Now that technology has been “tested battle” and “real business results”, with a accuracy of 98%, according to Ron. The company says the AI Insights model has been trained in internal and external data associated with the $ 20 billion -billion load that helps in traffic every year. It also utilizes multiple models of “that provide optimum combinations of price, precision and performance”, according to Uber Freight.
Ron said that this push AI creates new ways for customers to work with the data related to their supply chain. They can ask AI to quickly pull, for example, the worst points of origin for specific missions. Or they may request that all shipments be displayed in CVs in 2023. ” Ron stressed that the questions can be much more complicated than this, and the model always goes on.
AI is presented to customers as well as other popular LLM interfaces. He will also show his work and make it clear where all the data comes from, as well as other models of reasoning.
All of this allows a customer to “gain information on your network much faster, about 100% accuracy immediately, compared to the configuration of what you want to learn, sending some analysts and waiting for two weeks to present PowerPoint to return to discuss,” Ron said.
“What do you want to learn?“
Uber Freight works with many Fortune 500 companies, but has found a very willing collaborator at Colgate-Palmolive to try out AI ideas and other new tools. The band is already making a series of AI models available to all its employees, according to Sieber. It also makes workers receive a compulsory training for the morality of the AI developed at home.
“I think it is great. Because it turns the conversation from fear to, ‘how it makes me more effective and how [do] I become a better professional and deliver more with the access and use of these new technologies, “Sieber said.
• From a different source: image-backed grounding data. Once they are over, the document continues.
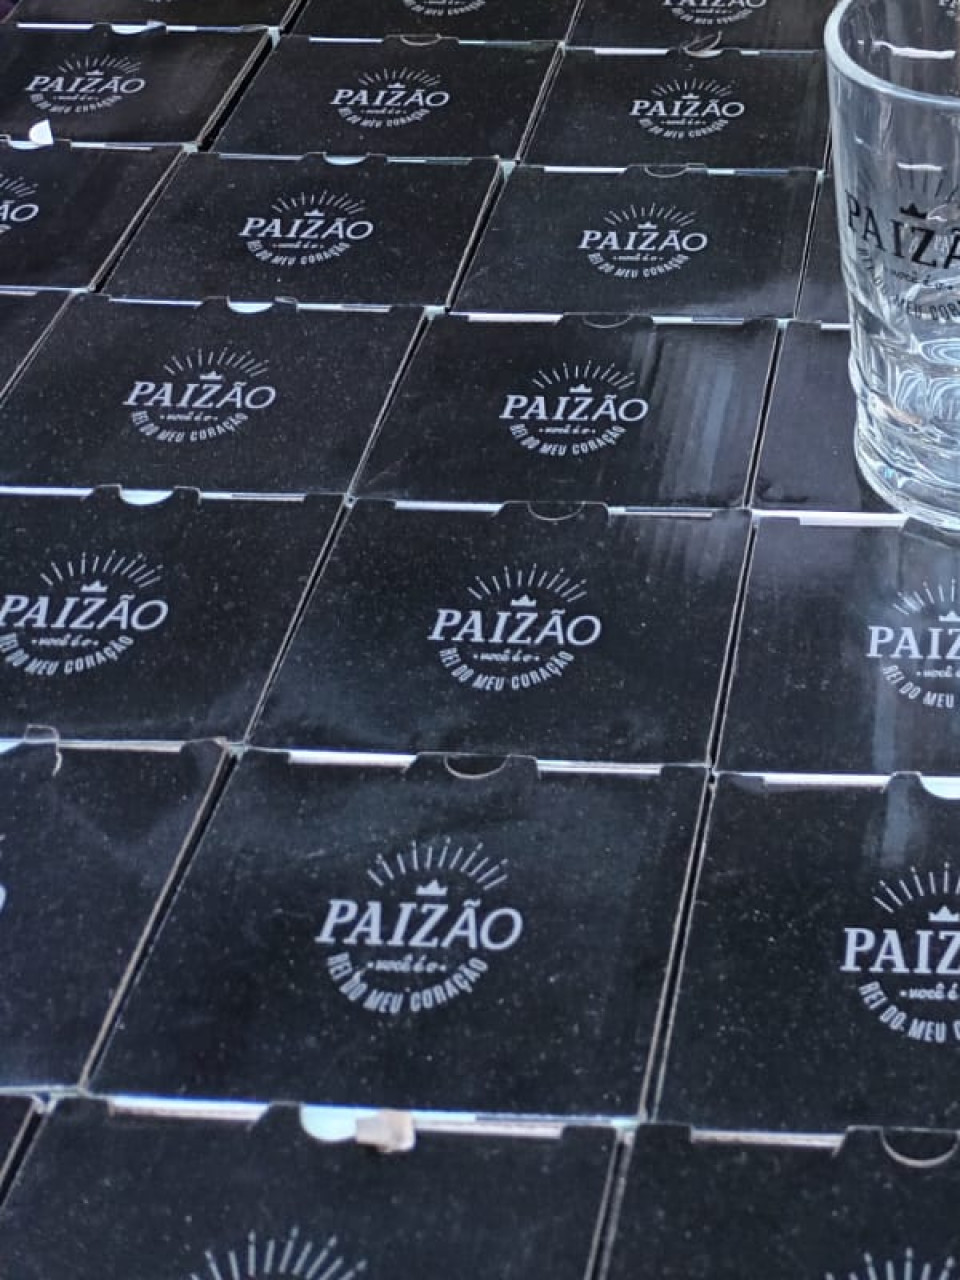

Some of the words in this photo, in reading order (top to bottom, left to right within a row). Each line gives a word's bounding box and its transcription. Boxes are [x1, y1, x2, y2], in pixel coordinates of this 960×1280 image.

[25, 76, 146, 94] PAIZÃO
[329, 89, 450, 107] PAIZÃO
[629, 99, 745, 118] PAIZÃO
[238, 217, 374, 240] PAIZÃO
[577, 229, 708, 252] PAIZÃO
[122, 381, 276, 410] PAIZÃO
[499, 394, 649, 422] PAIZÃO
[0, 593, 169, 631] PAIZÃO
[427, 608, 602, 646] PAIZÃO
[315, 899, 523, 951] PAIZÃO
[328, 952, 352, 982] REI
[339, 971, 368, 1001] DO
[410, 958, 488, 1012] CORAÇÃO
[363, 990, 404, 1013] MEU
[860, 981, 888, 1011] REI
[880, 1005, 907, 1031] DO
[908, 1019, 947, 1043] MEU
For example, Sieber said his company had used AI to easily identify carriers who receive fewer missions than they are conventionally obliged to move. From there, they can find because these levels are low and either end up with one solution to get the carrier back in compliance or leave them in favor of another.
This was previously a challenge to solve in real-time resolution, Sieber said because companies such as Colgate-Palmolive work with thousands of carriers. Each of them can operate with different systems and workflows and all this information that has ever emerged was not really centrally managed.
The next step with AI, both Sieber and Ron, have found ways to create more preventive solutions. Ron said this is another place that Uber Freight can bend the strengths of his data. “We know the facilities. We know the strips. We know the prices,” he said. “What do you want to learn?”
These more preventive consolidations come in the form of alerts that say to a customer such as Colgate-Palmolive that pay on certain routes or that there are faster options for a particular mission.
Any single proposal can only save a few hundred, or maybe a few thousand dollars. But concentrated throughout the network, it could make a big difference.
That is why, when asked, Sieber hastened to reply that Colgate-Palmolive’s chief financial director is the executive who is more pleased with what Uber Freight was activated. “He likes to see the logistics cost decrease,” Sieber laughed.